We have somewere close to 15 acers, that is rocky and over grown. The plan was to build a 30x30 dutch barn style house, little by little. But just last week his family made us a rent to own offer on a house & 6-8acres. It is an old house {maybe late 40's}, but well built. And only needs a new wood stove. We will be ripping up the carpet in the bath & kitchen. My FIL to be said its wood floored in the kitchen...I think the whole thing mite be. Looks like we will be able to move in very soon

As for the animals, we have 
Goats 3.? one bred doe
Horses 6.? at least one bred mare
Dogs...for now we have...a lot. I have 2 big dogs, 1 about 25lbs, and 1 small dog. He had 1, plus 2 strays - one is bred. His step dad has a dog that is more ours then his. And then I have some puppies do to a misunderstanding with my brothers about when my 25lb dog was in heat { I had her in a 20' stock trailer}, there are 7. And there is also the pit puppy that a friend of mine found but couldn't keep, and it looks like he will be staying with me. There are sooo meny sweet dogs needing homes, and pits are the hardist to rehome. So thats 8 adults, and 8+ puppies  here is hoping I can get it down to 9 or 10 
Getting our girls fixed is a big part of the budget.
2 cats, mite be getting one more from a friend who will be going to basic training soon.
And 1 banny chicken who lives in my moms kitchen for now.
We are going to add a buck, maybe a sheep or two, and maybe geese & guineas this year. We want to build on what we have, and would love to make a living from our land & stock.

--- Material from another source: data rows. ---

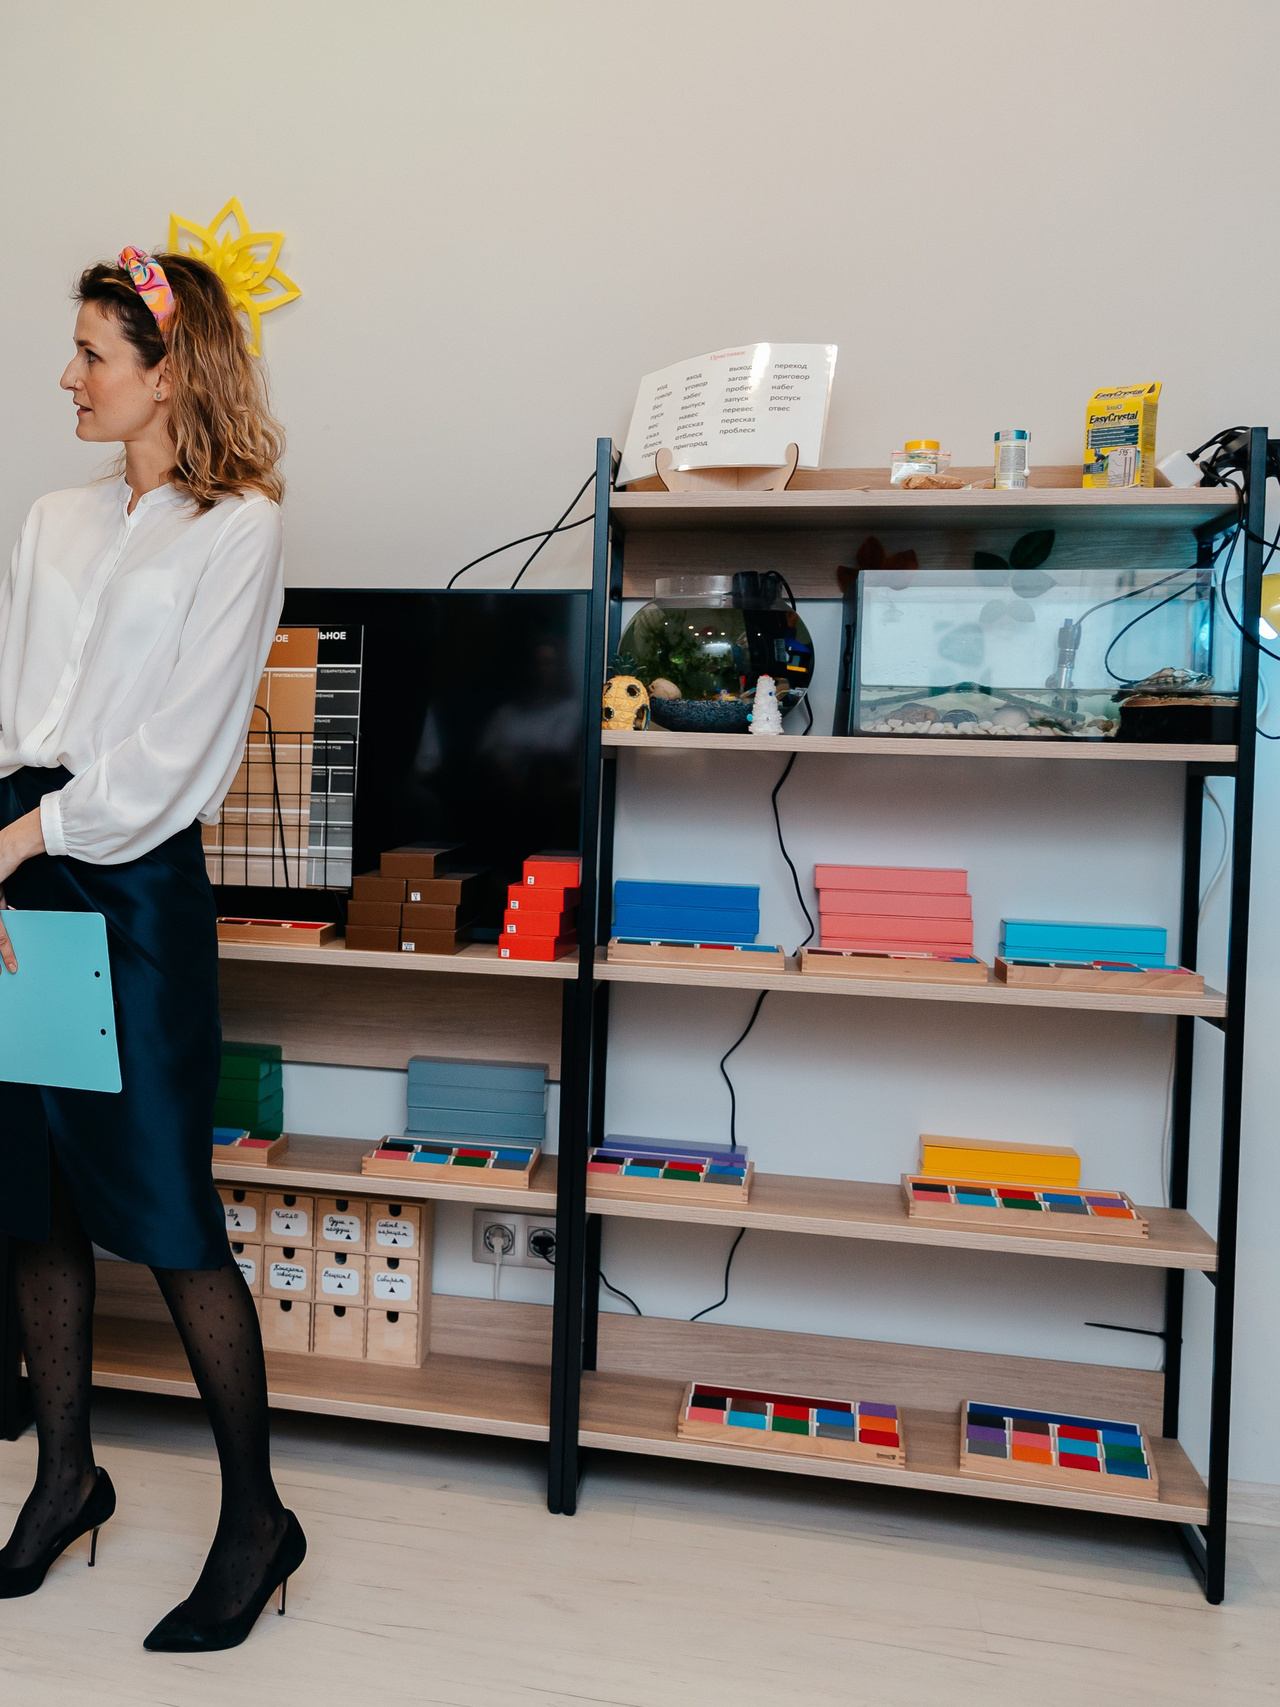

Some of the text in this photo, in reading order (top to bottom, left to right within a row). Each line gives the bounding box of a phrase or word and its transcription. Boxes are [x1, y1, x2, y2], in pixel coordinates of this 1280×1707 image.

[686, 373, 702, 382] вход
[684, 381, 708, 392] уговор
[654, 391, 672, 401] говор
[683, 392, 702, 400] забег
[1094, 388, 1146, 399] EasyCrystal
[724, 396, 749, 404] запуск
[680, 401, 706, 411] выпуск
[722, 406, 754, 414] перевес
[650, 412, 664, 420] пуск
[678, 412, 700, 420] навес
[720, 416, 756, 424] пересказ
[1090, 410, 1138, 424] EasyCrystal
[676, 421, 704, 432] рассказ
[719, 426, 756, 435] проблеск
[646, 432, 660, 440] сказ
[674, 431, 704, 441] отблеск
[644, 440, 662, 450] блеск
[673, 440, 708, 451] пригород
[642, 451, 657, 459] горо
[273, 634, 289, 642] ОЕ
[318, 632, 346, 640] ЬНОЕ
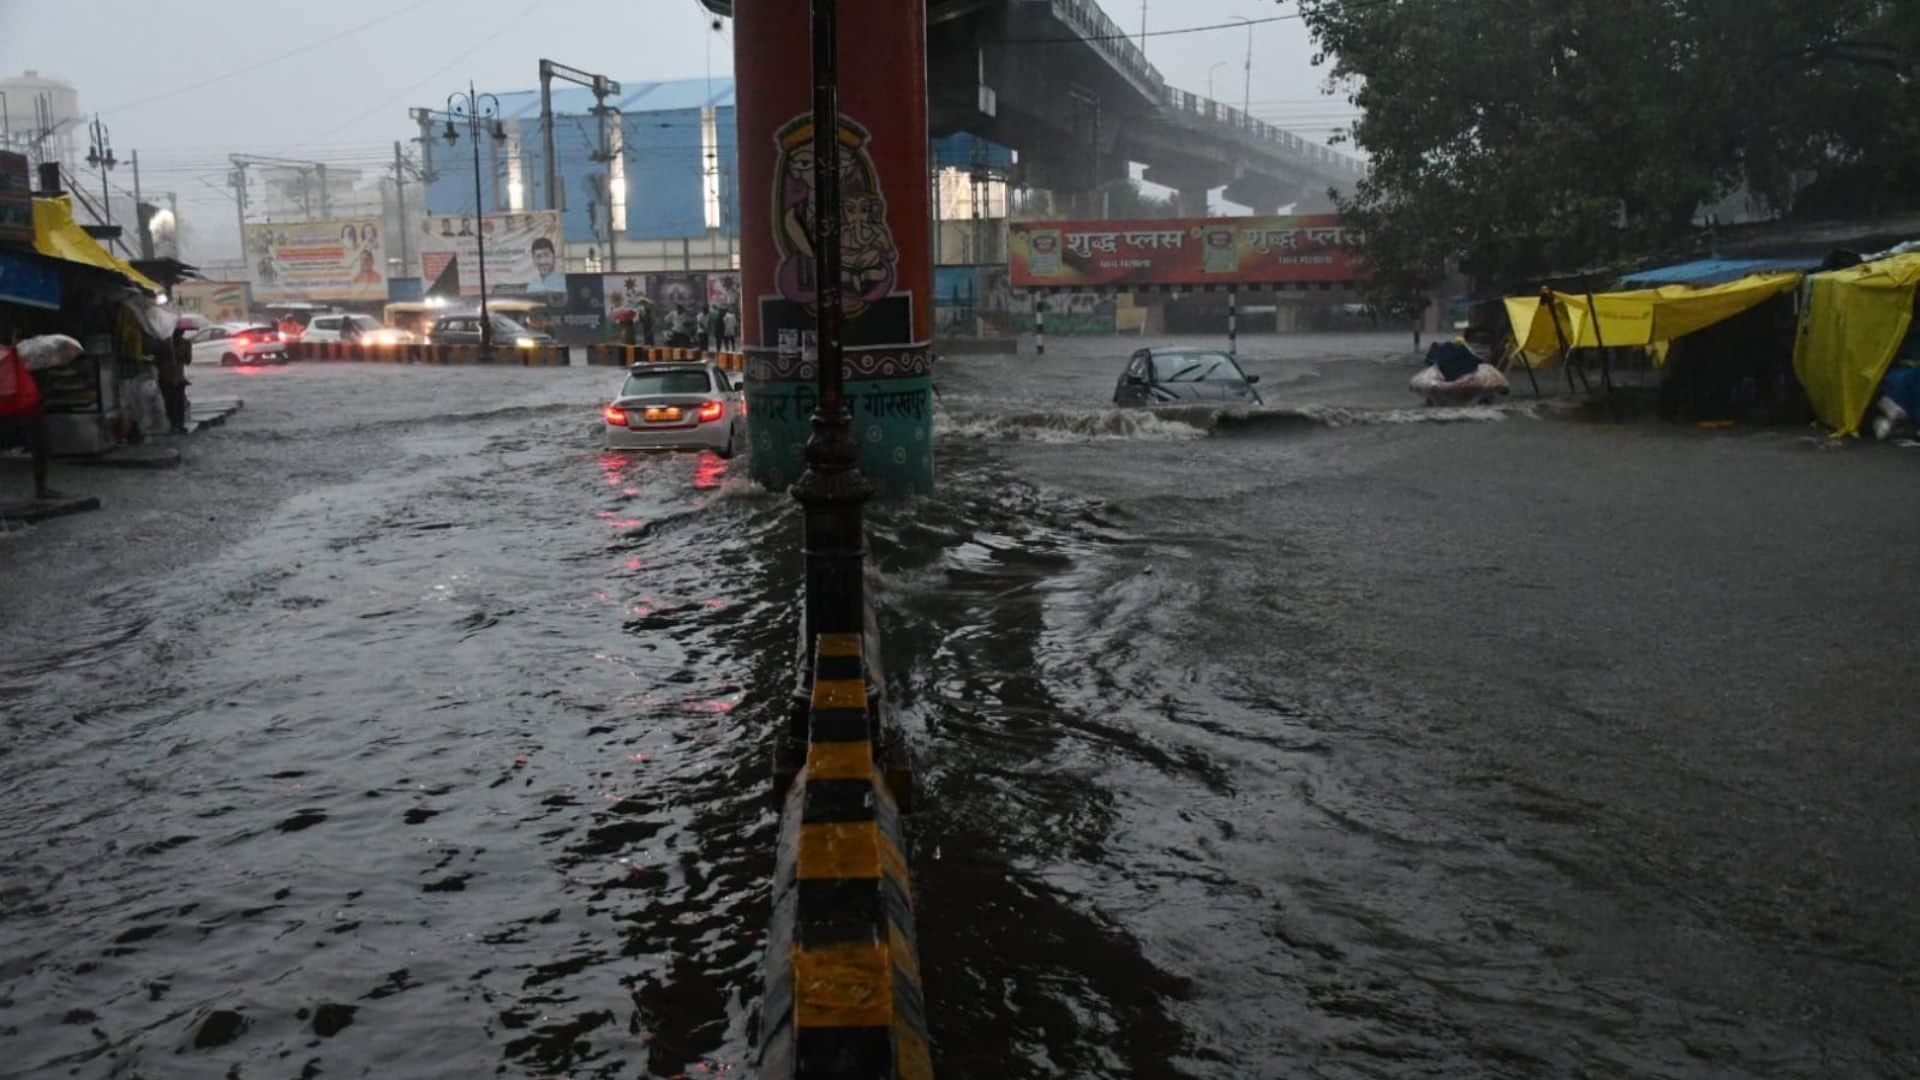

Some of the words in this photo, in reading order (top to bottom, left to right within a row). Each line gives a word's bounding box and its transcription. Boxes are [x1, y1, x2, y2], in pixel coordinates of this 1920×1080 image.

Well I guess that sums it up for now. I'm happy to be here on the BYH, so much to learn.

Forgot to add a trio of rabbits that may or maynot be too old to breed.


----------



## RamblingCowgirl (Jan 20, 2012)

Saw this on other threads, thought I'd add it

1. What state/province/country are you in and what is your climate like?Oklahoma USA

2. How many people are in your family? Marital status? Engaged, no kids yet...but with how close we are with our family it's way bigger then the 2 of us

3. How would you define your farm? Small, spred out, but a growing investment

4. What would you do with your spare time if you had any resources you needed? The same thing only more of it

5. Have you ever built a house, barn , or other types of building? Do you want to? Well...I've helped with small shelters, and do good so long as I don't have to read the tape. And we plan to build our dream house and other building, I'm happy to lend a hand.

6. Can you weld? Steel, aluminum, MiG, TiG, stick, Oxy-Acet? No, but one of my brothers, my dad, and SIL can MiG & TiG.

7. Who or what inspired you to be a farmer/rancher, hobby farmer? I think I was born wanting it. Almost all of my family grew up on some sort of family farm, or at least around livestock.

8 Is it a hobby or an occupation? It's more of a life style for now.

9. In what areas are you knowledgeable and in what areas would you like to learn more? Everything, you can nver know too much. Gardening, training horses & dogs, anthing that will help me and my family.

10. In what types of farming will you never choose to do? Any typ of commercial. I want to sell fresh foods localy, and seed stock & crafts far & wide

11. Are you interested in providing more of your own food supply? Yes!

12. Where do you end up when you sink into yourself, away from the outside world? Out looking up at the stars or....in the bathroom

13. Can you drive a farm tractor or a semi?Hahah thats funny...eh no. But meny members of my family can.

14. Do you make crafts or useful items? Would you want to teach others how to do these? Yes, and yes! I crochet, knit, sew, and do a bit of leather work. I'd like to learn how to do meny other things like spin. And I'd be willing to teach anyone.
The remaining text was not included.